Monday, 21 July 2014

ARNOLD'S BACK TRAINING

It would be a mistake to think the "back" consists of a single muscle. It's a group that includes the middle and lower traps, rhomboids, the upper and lower portions of the latissimus dorsi, the erectors (low back), and even the rear delts. Arnold's approach to this complex group came from all angles.

When he began competing at the elite level, Arnold's back wasn't as imposing as his mammoth chest and arms. By employing basic, multi-joint movements to target all areas of his back, he was able to bring it up.

Here are some the basic principles Arnold followed when training back.

Arnold typically broke his back training into two types of movements: chinning and pull-downs for lat width, and rows for overall thickness. Lat pull-downs and pull-ups build a strong V-taper, while rows and bent-over movements better target the middle-back musculature.

"When he began competing at the elite level, Arnold's back wasn't as imposing as his mammoth chest and arms. By employing basic, multi-joint movements to target all areas of his back, he was able to bring it up."
Chins with an underhand grip and pull-ups were a big part of Arnold's approach to building wide lats. He also varied his grip width, went up to the bar behind his head and to his chest, and sometimes used added resistance or simply his bodyweight. The net result was an assault the worked the lats from multiple angles for better overall development.

"Wide-grip pull-ups coax the upper lats to come out," Arnold said. With wide-grip movements, the elbows stay out away from the sides, meaning the upper lats become the focus. With close-grip and reverse-grip back exercises, the elbows stay in tighter to the sides; this reduces the emphasis on the upper lats and instead places more of the focus on the lower lats.

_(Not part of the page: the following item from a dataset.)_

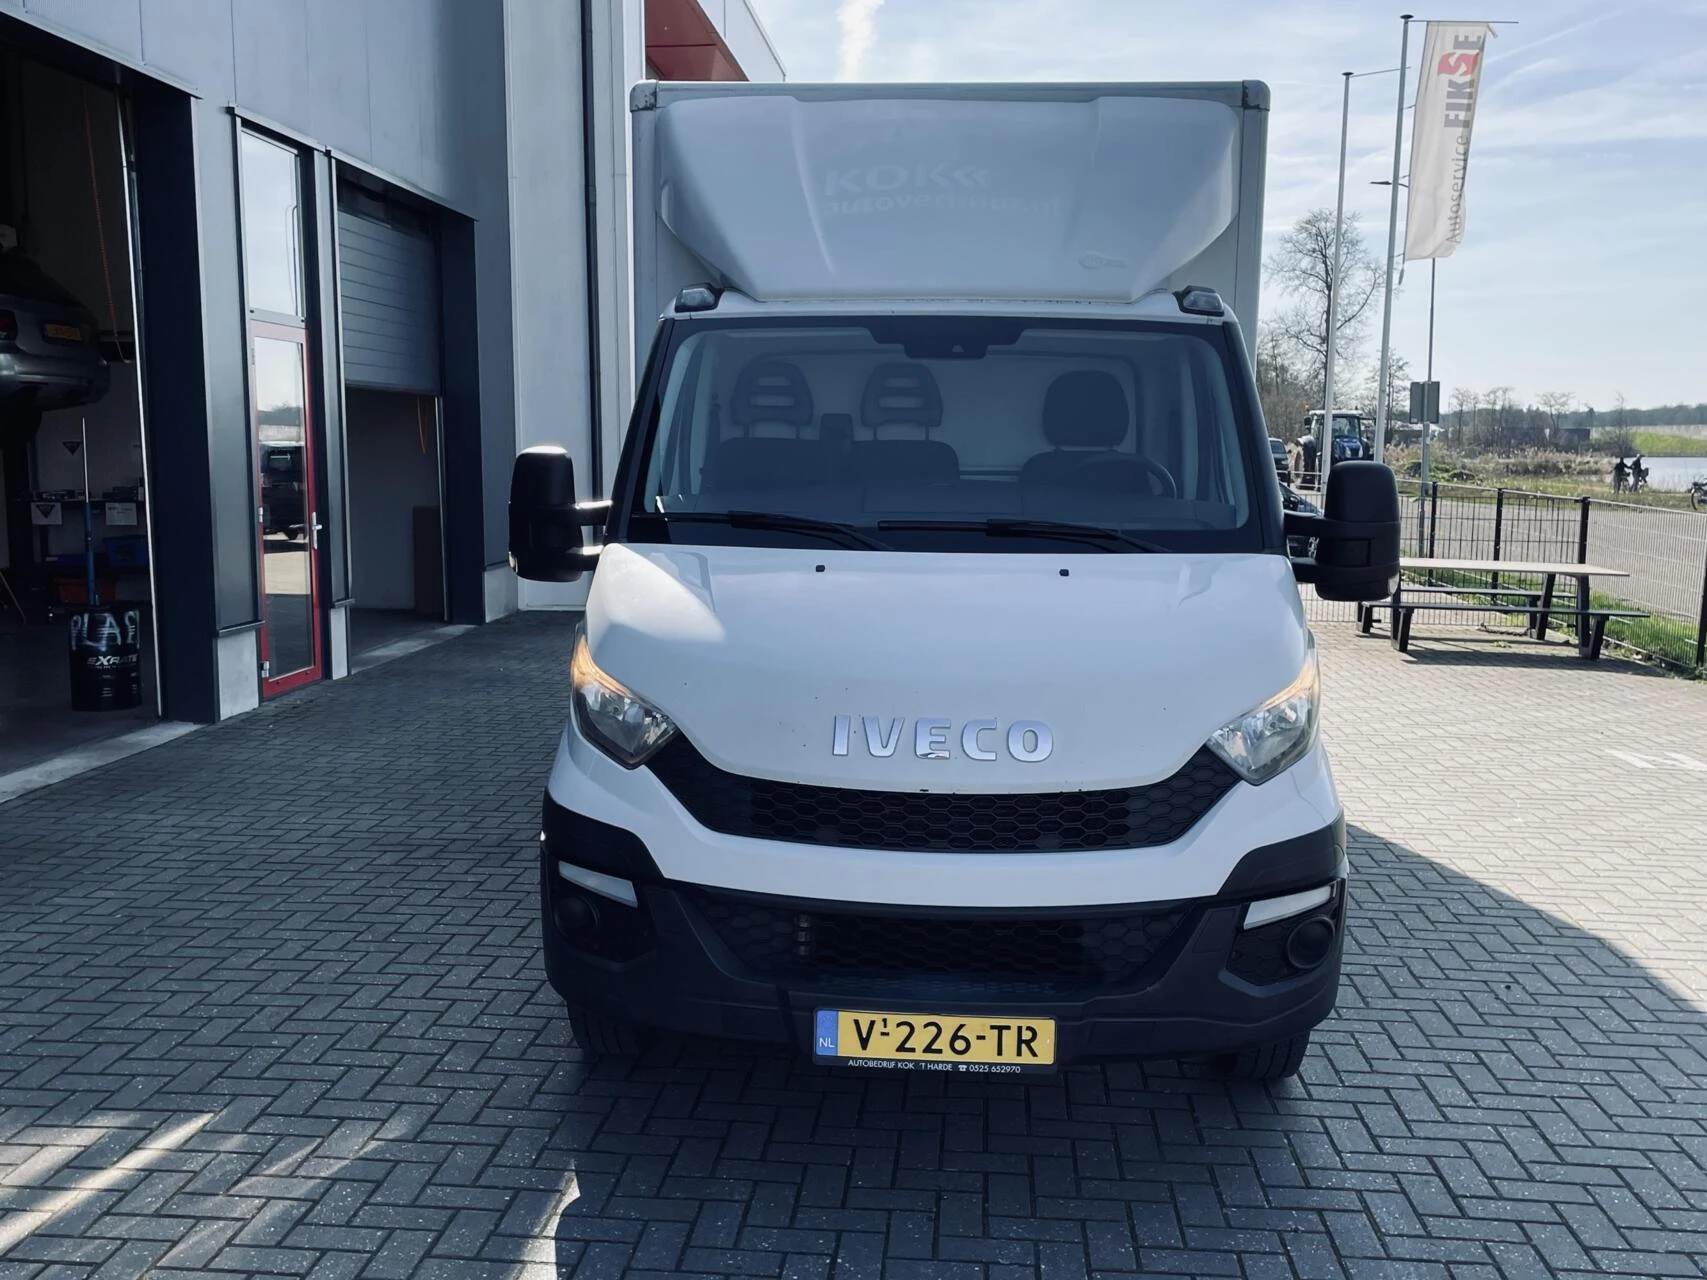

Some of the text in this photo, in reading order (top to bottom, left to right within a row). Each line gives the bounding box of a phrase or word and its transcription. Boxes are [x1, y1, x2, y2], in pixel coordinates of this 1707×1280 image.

One technique Arnold favored was to shoot for a total number of chins, say 50, rather than target a particular number of sets. "On the first set you may do 10 reps. Perhaps you struggle with 8 reps on the second set. You have 18 reps now. If you make 5 on the third set, you have 23 reps. You continue to add them until you reach 50, even though it may take you 20 sets to do it. That's how I built up my chinning power, and I was very successful with it."

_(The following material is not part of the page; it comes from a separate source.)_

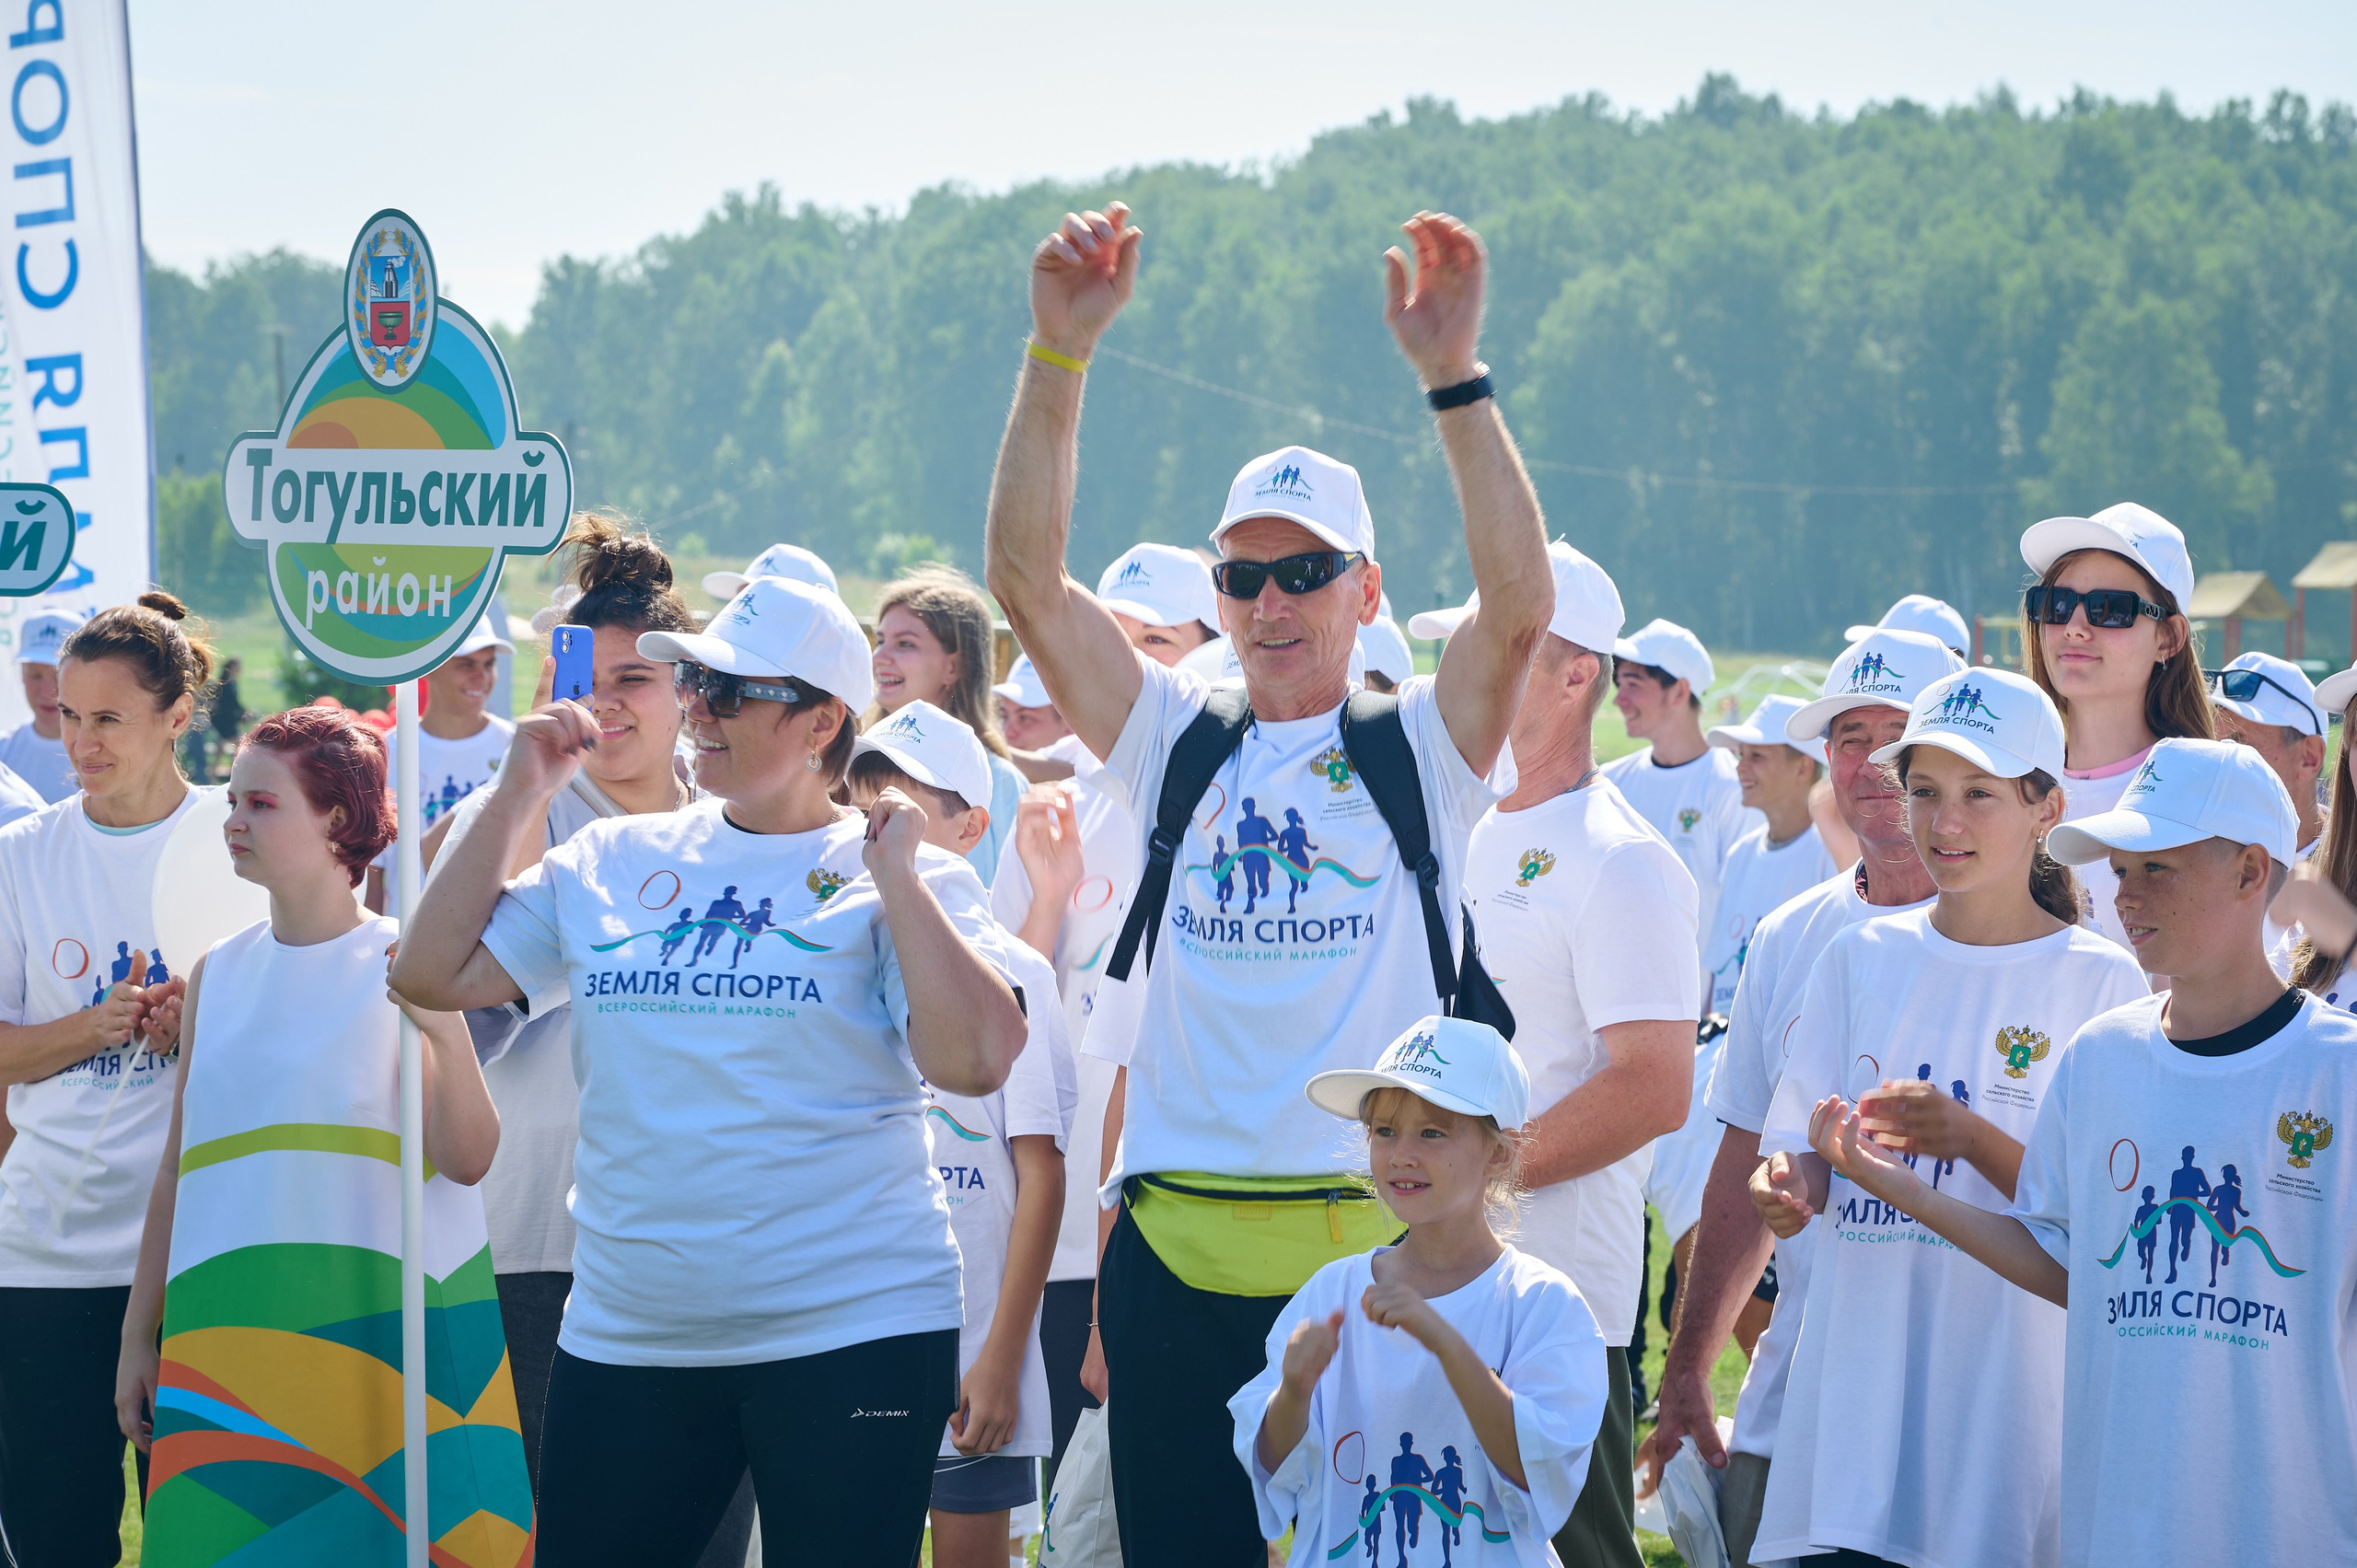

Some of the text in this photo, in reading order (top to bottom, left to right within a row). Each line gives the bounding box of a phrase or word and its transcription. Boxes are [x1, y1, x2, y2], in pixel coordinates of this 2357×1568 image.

For Arnold, with chins or with any other back move, gains in strength meant he'd have to increase the weight. "After you've mastered 10-12 reps in any type of chin, then you can start to put weight around your waist." Arnold argued that just increasing the number of reps you do as you get stronger wasn't as beneficial to the bodybuilder looking to maximize muscle growth as increasing the resistance.

Not everyone can do chins or pull-ups with their bodyweight. Arnold recommended using the pull-down machine until your strength levels increase. Once you can do at least 8 reps with the equivalent of your bodyweight, he suggested switching over to the chinning bar.

Exercises in which you pull the weight perpendicularly into your body—often called rows—were also a big part of Arnold's back workout. He favored all kinds of variations—seated cables rows, T-bar rows, bent-over barbell rows—but again each one was done with high volume and progressively heavier weights, pyramiding the weight up on successive sets for fewer reps.

Between sets, Arnold stretched out his lats, either hanging from a bar or holding on to a stable object and leaning away. Stretching helped maintain the flexibility around the joint. He often tensed his lats between sets as well, contracting the muscle as hard as he could to help achieve a superior pump.